GIVEN DATA Start Marker

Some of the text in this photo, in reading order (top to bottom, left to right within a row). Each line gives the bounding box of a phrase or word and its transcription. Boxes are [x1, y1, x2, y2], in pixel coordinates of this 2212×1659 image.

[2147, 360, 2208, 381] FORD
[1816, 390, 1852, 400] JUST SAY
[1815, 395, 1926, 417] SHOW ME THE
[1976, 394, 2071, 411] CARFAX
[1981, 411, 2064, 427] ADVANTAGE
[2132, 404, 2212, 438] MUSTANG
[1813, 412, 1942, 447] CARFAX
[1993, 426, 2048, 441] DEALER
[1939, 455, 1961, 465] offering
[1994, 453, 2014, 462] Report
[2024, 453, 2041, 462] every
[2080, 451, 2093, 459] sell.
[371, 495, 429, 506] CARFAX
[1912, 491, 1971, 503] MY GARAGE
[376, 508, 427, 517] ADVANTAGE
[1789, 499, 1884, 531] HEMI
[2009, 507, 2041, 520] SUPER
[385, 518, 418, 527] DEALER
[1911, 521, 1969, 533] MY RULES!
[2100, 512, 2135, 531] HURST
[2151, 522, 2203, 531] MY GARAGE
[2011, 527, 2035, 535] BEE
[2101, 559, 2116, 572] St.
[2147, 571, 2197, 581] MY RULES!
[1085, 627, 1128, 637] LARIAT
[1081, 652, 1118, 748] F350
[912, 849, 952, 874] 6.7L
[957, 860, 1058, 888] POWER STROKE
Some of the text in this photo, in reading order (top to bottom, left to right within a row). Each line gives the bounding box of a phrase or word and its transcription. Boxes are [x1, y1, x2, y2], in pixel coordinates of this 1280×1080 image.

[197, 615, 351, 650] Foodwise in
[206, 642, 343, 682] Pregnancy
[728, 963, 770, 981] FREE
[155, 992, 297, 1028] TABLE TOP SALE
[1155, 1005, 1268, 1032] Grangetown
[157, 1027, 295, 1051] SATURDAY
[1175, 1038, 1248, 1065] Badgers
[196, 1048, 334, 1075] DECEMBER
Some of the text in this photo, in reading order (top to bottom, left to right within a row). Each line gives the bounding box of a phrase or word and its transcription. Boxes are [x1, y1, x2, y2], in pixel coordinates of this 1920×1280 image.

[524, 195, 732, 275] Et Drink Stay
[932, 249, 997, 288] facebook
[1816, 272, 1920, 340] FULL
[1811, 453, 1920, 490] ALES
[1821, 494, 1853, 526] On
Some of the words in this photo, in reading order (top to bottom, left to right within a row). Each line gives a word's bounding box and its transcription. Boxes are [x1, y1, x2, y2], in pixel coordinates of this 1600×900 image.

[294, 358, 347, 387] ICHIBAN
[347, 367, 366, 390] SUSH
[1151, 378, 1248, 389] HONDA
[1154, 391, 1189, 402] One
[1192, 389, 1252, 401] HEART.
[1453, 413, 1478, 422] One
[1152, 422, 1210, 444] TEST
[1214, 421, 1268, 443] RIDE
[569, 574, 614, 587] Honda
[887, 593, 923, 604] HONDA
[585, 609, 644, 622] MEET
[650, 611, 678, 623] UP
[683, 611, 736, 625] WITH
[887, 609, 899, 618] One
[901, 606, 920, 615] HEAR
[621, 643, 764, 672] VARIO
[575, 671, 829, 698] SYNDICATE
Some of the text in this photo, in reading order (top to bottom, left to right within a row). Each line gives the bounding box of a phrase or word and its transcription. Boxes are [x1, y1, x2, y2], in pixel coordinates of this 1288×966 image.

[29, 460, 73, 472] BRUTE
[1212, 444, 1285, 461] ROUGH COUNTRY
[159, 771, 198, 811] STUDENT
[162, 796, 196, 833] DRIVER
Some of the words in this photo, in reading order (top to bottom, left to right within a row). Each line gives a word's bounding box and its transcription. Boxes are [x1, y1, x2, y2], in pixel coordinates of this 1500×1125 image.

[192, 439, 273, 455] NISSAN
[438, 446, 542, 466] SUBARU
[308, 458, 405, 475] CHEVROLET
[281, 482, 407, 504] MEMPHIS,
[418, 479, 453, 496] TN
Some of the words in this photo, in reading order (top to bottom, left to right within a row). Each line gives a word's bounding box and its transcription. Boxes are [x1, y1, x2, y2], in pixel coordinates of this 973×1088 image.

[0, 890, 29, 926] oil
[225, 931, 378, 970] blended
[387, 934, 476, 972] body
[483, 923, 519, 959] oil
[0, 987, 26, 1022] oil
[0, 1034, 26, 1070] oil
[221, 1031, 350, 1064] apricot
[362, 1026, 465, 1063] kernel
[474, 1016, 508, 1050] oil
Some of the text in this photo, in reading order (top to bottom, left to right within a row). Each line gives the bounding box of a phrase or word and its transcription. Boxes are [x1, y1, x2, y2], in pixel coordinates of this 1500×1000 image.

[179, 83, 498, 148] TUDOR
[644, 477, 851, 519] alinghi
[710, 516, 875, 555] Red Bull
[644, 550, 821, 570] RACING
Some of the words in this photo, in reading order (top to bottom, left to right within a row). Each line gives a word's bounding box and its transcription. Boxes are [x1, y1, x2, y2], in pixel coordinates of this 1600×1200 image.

GIVEN DATA End Marker

▶ [WHAT THE EXERCISE ASKS] All lines from the one containing "this 1288×966 image." through the final line of the records above are to be set down exactly, and no other line is to appear.

▶ [OUTPUT OF THE EXERCISE]
Some of the text in this photo, in reading order (top to bottom, left to right within a row). Each line gives the bounding box of a phrase or word and its transcription. Boxes are [x1, y1, x2, y2], in pixel coordinates of this 1288×966 image.

[29, 460, 73, 472] BRUTE
[1212, 444, 1285, 461] ROUGH COUNTRY
[159, 771, 198, 811] STUDENT
[162, 796, 196, 833] DRIVER
Some of the words in this photo, in reading order (top to bottom, left to right within a row). Each line gives a word's bounding box and its transcription. Boxes are [x1, y1, x2, y2], in pixel coordinates of this 1500×1125 image.

[192, 439, 273, 455] NISSAN
[438, 446, 542, 466] SUBARU
[308, 458, 405, 475] CHEVROLET
[281, 482, 407, 504] MEMPHIS,
[418, 479, 453, 496] TN
Some of the words in this photo, in reading order (top to bottom, left to right within a row). Each line gives a word's bounding box and its transcription. Boxes are [x1, y1, x2, y2], in pixel coordinates of this 973×1088 image.

[0, 890, 29, 926] oil
[225, 931, 378, 970] blended
[387, 934, 476, 972] body
[483, 923, 519, 959] oil
[0, 987, 26, 1022] oil
[0, 1034, 26, 1070] oil
[221, 1031, 350, 1064] apricot
[362, 1026, 465, 1063] kernel
[474, 1016, 508, 1050] oil
Some of the text in this photo, in reading order (top to bottom, left to right within a row). Each line gives the bounding box of a phrase or word and its transcription. Boxes are [x1, y1, x2, y2], in pixel coordinates of this 1500×1000 image.

[179, 83, 498, 148] TUDOR
[644, 477, 851, 519] alinghi
[710, 516, 875, 555] Red Bull
[644, 550, 821, 570] RACING
Some of the words in this photo, in reading order (top to bottom, left to right within a row). Each line gives a word's bounding box and its transcription. Boxes are [x1, y1, x2, y2], in pixel coordinates of this 1600×1200 image.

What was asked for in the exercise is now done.